Timber Circles – Durrington Walls North Circle Digital Model.

Durrington Walls timber structure (north). Looking towards the southern circle, with Woodhenge in the distance.

Durrington Walls timber structure (north). Looking towards the southern circle, with Woodhenge in the distance.

For more recent information about Durrington Walls, see Bluestonehenge – Oval or Round?

Text from the Wiltshire Sites and Monuments Record and regards the Durrington Walls site in general.

Update pending – follow DD on FacebookTwitter and Google + to keep abreast.

Double entranced henge enclosure which excavation dated to the Late Neolithic. A number of features have been identified in the interior including buildings and a midden.

A) Excavations, 1966-68, in advance of A345 found 2 circular timber structures of several phases associated with grooved ware & C14 dates 2050 +/- 90 to 1810+/-148bc. ( the Southern and Northern Circles). Areas of rammed chalk sealing ramps for the large postholes were revealed.

B) Aerial photographic & Geophysical evidence for further internal features. (Damaged by the construction of The Married Officers’ Quarters on Larkhill.)

C) A magnetometer survey was carried out in 1996 and this was followed up by a contour survey and a programme of coring outside the south eastern entrance. The geophysical anomalies on either side of the entrance were identified as the result of burnt deposits which post-date the bank.

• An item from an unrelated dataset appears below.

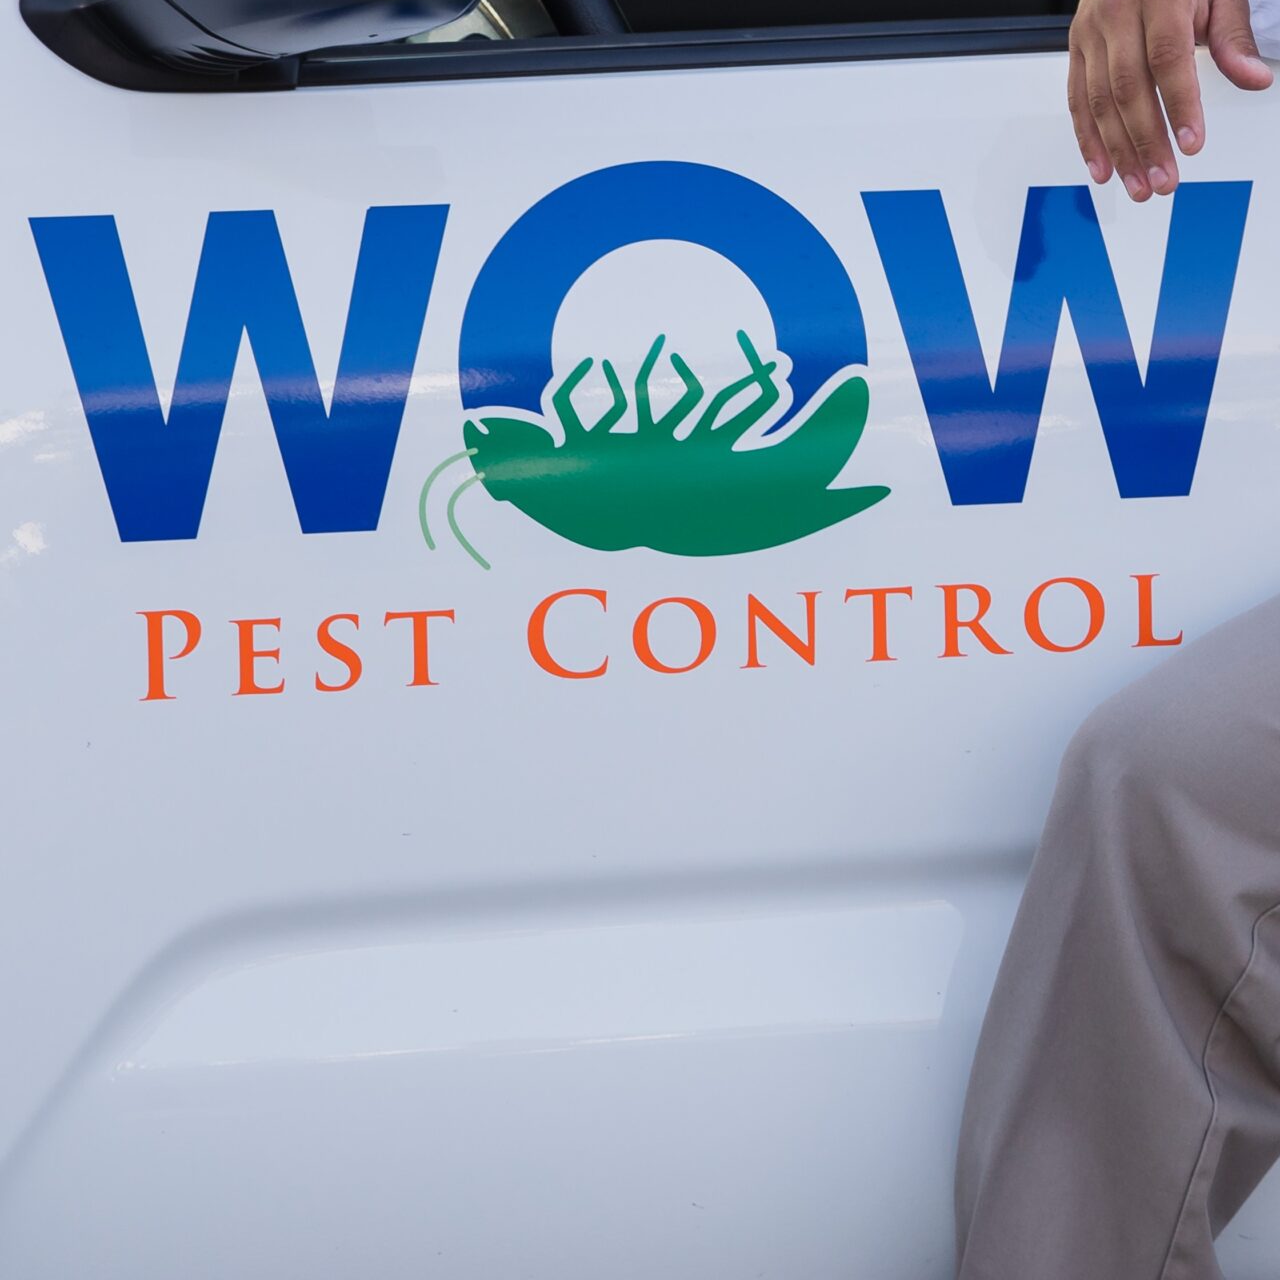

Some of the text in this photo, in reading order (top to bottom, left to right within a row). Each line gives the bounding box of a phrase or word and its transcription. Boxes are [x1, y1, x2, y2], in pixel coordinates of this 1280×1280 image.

There is also a buried soil which survives beneath the bank and across the entrance.

D) Replacement of two gateposts during 2003 within the monument revealed deep colluvial deposits at the bottom of the coombe, and another set to the north of the henge produced no archaeological evidence.

E) A geophysical survey conducted in 2003 revealed the massive henge ditch as a weak but well-defined broad curvilinear anomaly up to 15m in width, showing distinct variation in width or ‘scalloping’ around the circuit. The magnetic response from the section of ditch south-west of the entrance may be a sign of possible re-cutting of the ditch circuit. The henge ditch deviates from it line at a curiviliner anomaly that perhaps represents either a much wider original entrance or the starting point for the construction of the henge bank. Numerous probable archaeological features are detectable by weak magnetic responses within the henge enclosure and adjacent to the entrances.

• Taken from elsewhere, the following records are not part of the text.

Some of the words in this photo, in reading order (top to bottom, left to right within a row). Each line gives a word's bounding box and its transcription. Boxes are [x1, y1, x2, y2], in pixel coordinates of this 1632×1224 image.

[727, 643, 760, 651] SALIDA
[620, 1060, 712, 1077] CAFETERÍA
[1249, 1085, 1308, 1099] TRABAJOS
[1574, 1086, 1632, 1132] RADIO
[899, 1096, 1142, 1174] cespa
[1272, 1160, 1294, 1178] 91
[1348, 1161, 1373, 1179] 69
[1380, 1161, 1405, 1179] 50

F) Late Neolithic metalled road or Avenue with a gully and external bank was revealed in 2005-6 (See also SU14SE132 & 133) A large midden in which part of a house is built. This house was 2m across on a SE-NW axis. The midden extended over 20m to the north, and was 10m in diameter. It was full of pig and cattle bones as well as flint flakes, scrapers and arrowheads. Finds include a chalk plaque together with fragments of another one. An antler cache was recovered from within the north baulk of a pit on the northern edge of the midden.

NE of the midden was a huge post hole with a ramp on its north side. A narrow and shallow ditch running east-west and curving northwards was cut into the buried ground surface. It is interpreted as a demarcation ditch. South of it a layer of carbonised branches lay on top of the nothern edge of a midden composed of several layers of loam and wood ash. The existence of midden layers in two sections beneath the bank raises the possibility that large scale activities at Durrington Walls may have pre-dated the construction of the henge by a decade or even centuries.

The Durrington Avenue and the Southern circle were the main componants of a ceremonial complex, later encircled by the henge bank and ditch. The Southern Circle does not appear to have had a western entrance opposite the entrance identified by Wainwright, and even that it may have been incomplete. A tree throw was uncovered beneath the buried soil. The large tree had blown down before the formation of the Neolithic soil. The date that the tree fell must pre-date the Neolithic and probably post-dates the end to the Pleistocene.

Millennia after the tree fall, a vertically-sided pit c1m deep was dug, and recut several times. The third recut was a shallow bowl shaped pit that was soon filled with large blocks of deep-quarried chalk. This fill contained an antler burr and large sherds of pottery. A Geoarchaeological study revealed soil evidence of a long established grassland environment by the 3rd millenium BC.